The little woman shivered. "They are cruel, these Brown Folk. They snatch children from the cradle, and carry them down and down, deep under the peat, to work the gold for them. I like the slim ghosties better. Sexton, talk to me of them,--the ghosts of those who lie asleep here; thou hast seen such often?"
"Ay," said the Sexton softly. "I've learned th' feel an' th' speech an' th' throb o' th' kirkyard, Mistress, till I'm friends wi' ivery sleeper of 'em all. Lord Christ, how sweet it is to sit here on a summer's eve, wi' th' moon new-risen ower kirk an' graves--to feel this feckless body o' mine crumple an' shrink, while th' inward fire grows fierce, and bright, and steady. 'Tis then th' ghosties come and slip their thin hands into mine; for th' naked souls o' men are friendly, and 'tis only our lumpish shroud of clay that frights th' sperrits from us. Ay, there's scant room, I'm thinking, for us poor mortals, what wi' Brown Folk below, an' White Folk up aboon."
"Once thou said'st 'twas only the unwed lassies walked. Is it so, Sexton?"
"Nay, there's men-folk, too. I say to myseln, small wonder that th' ghosties stir up and down, time an' time, when them as lig under sod fall to thinking o' th' unquiet things that hev happened just aboon their heads. Look ye, Mistress, how black yond kirk-tower looks at us; 'twas there a Wayne fought, in an older day, agen Anthony Ratcliffe wi' five other Ratcliffes to back him--fought wi' his back to th' tower-wall, and killed four out o' th' six that made agen him, an' sore wounded Anthony an' another. Ay, an' ye mind how Shameless Wayne took toll a while back i' this same spot? An' how Dick Ratcliffe paid his reckoning on th' vault-stone yonder?"
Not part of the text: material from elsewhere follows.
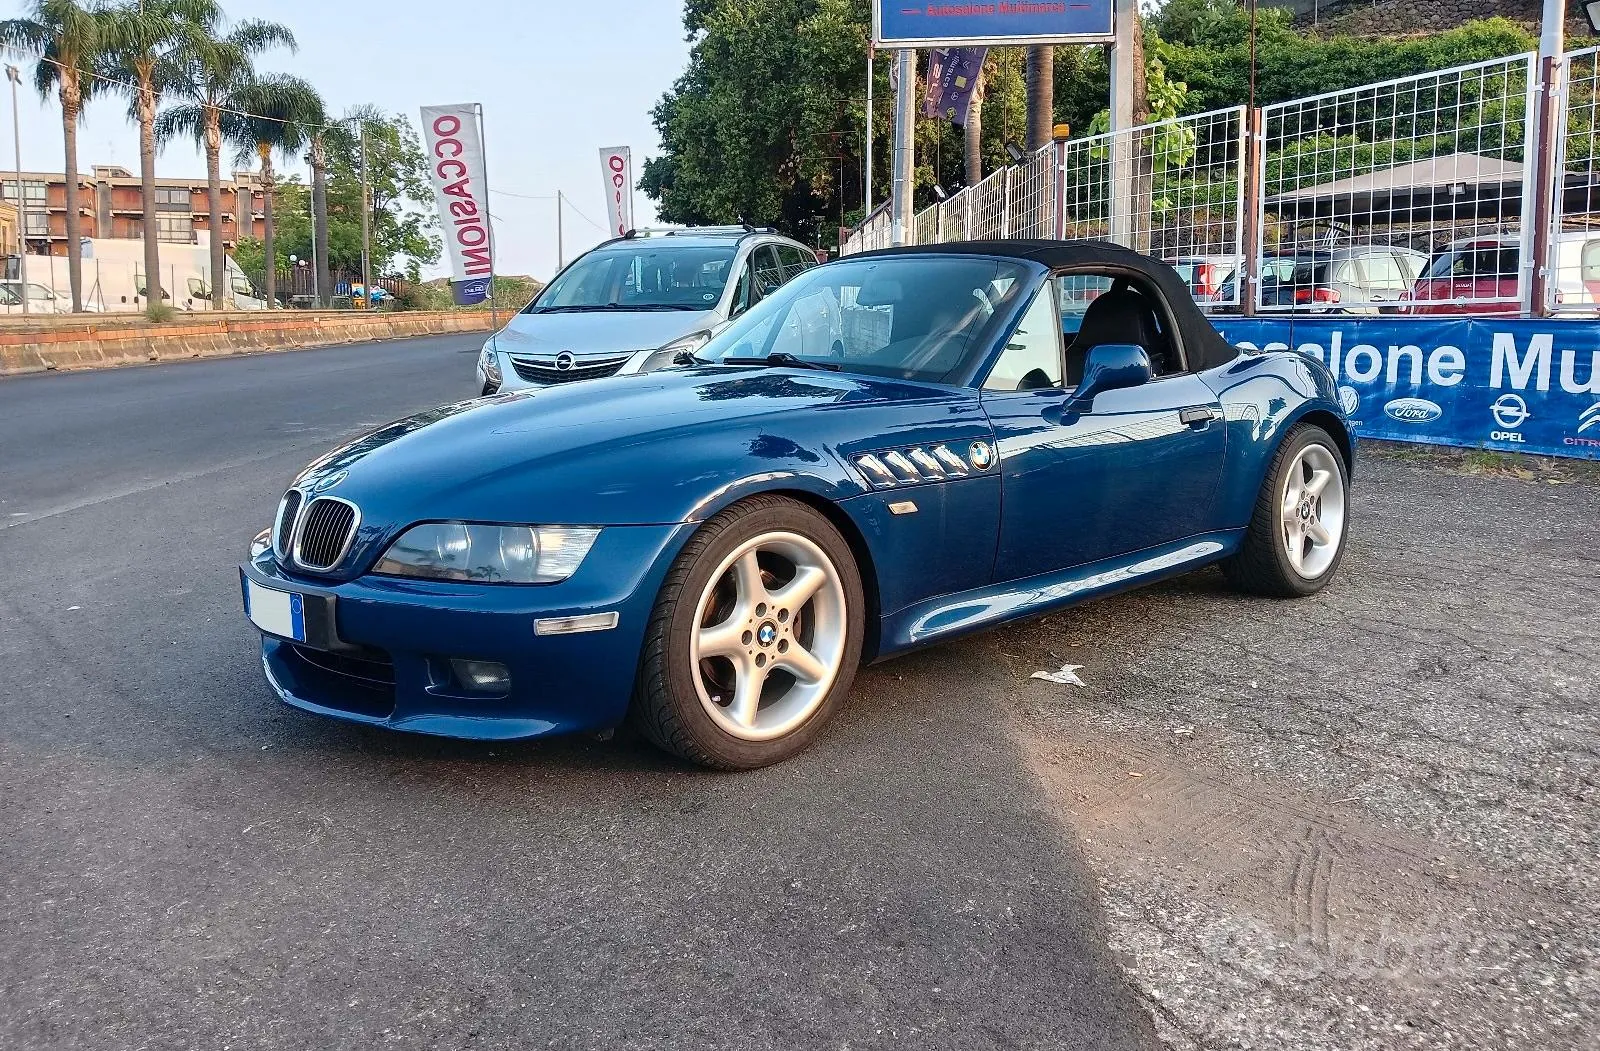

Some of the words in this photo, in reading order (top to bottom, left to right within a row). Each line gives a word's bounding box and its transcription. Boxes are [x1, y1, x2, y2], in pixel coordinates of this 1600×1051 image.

[1395, 403, 1429, 419] Ford
[1490, 431, 1526, 443] OPEL
[1563, 437, 1600, 447] CITR
Mistress Wayne shrank from the Sexton as if he had struck her. "Dick Ratcliffe--Dick--what should I know of him?" she murmured. Again the still intensity of face, as she sought the key to that dim past of hers.
But the Sexton was deep in his own reverie; he was thinking, not of the woman to whom Dick Ratcliffe had given an unclean love, but of the new feud that had come to gladden these latter days.
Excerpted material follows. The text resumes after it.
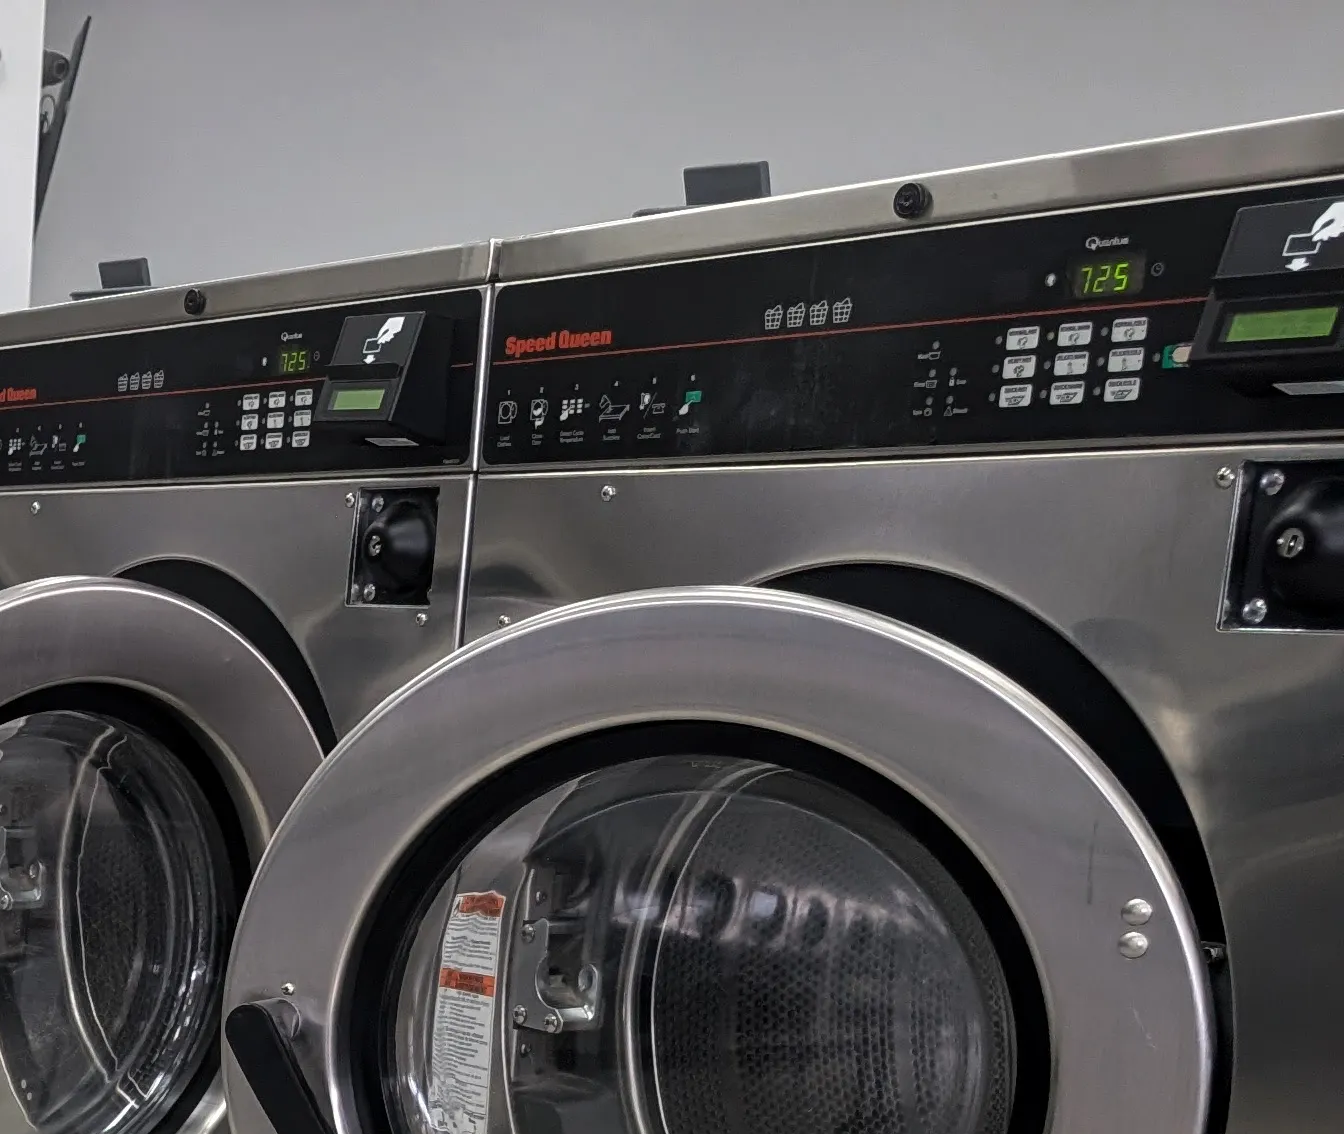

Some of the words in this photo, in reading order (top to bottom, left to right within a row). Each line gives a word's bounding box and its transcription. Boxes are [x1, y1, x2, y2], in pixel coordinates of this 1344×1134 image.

"Is not th' place like to be restless, wi' sich as these lying bedfellows?" he went on, nodding his head in greeting at the lettered stones. "Ay, restless as I am restless, heving followed my trade, through sun an' gloaming an' mid-winter midnight, amang th' wild folk that niver found peace till they came on their last journey to Marshcotes kirkyard.--Theer, theer, Mistress!" he broke off, as the little woman's cry broke sharply into his musings and half awoke him. "I flair ye, but ye need think nowt on 't; an owd chap mun hev his spell o' dithering in an' out amang th' fierce owd tales that tangle and trip up th' one t' other. Yet I praise God that, after all these weak new days, young Wayne o' Marsh hes shown th' owd stuff a-working."
"Sexton, Sexton!" The woman's eyes, fixed on the vault-stone below, were sane now, and her voice not like at all to the childish pipe which Witherlee had grown to love. "I have tried so hard to understand--and now I know--and would God I could forget again."
Witherlee made as if to put an arm about her, so wishful of comfort she seemed; but he withdrew, feeling that her grief was over-terrible for such rough consolation as he had to offer. Instead, he filled his pipe and lit it, and waited till she found more to tell him.
They rested so for a long while, with only the song of birds and the moan of a rainy breeze to break the silence. Then,
"I see it all, Sexton," she said quietly--"the evening when Wayne of Marsh, my husband, found me with my lover in the orchard--Wayne's death--the flight with Dick Ratcliffe of Wildwater. We gained the wicket up above there--we could hear the harness rattling of the chaise that was to carry us to safety--and then--" She stopped and hid her face awhile.
"'Tis ower an' done wi' long sin'," murmured the Sexton; "ower an' done wi,' Mistress."
"'Twill never be over and done with. Dick was killed--but I--I was not given death, only a merciful little spell of sleep."
"Nay, I wish th' poor body wod cry her een out," thought the Sexton, watching the bright eyes and tragic face. "I niver held wi' a crying woman myseln, but I could thoyle tears better nor this stark, dry grief o' hers."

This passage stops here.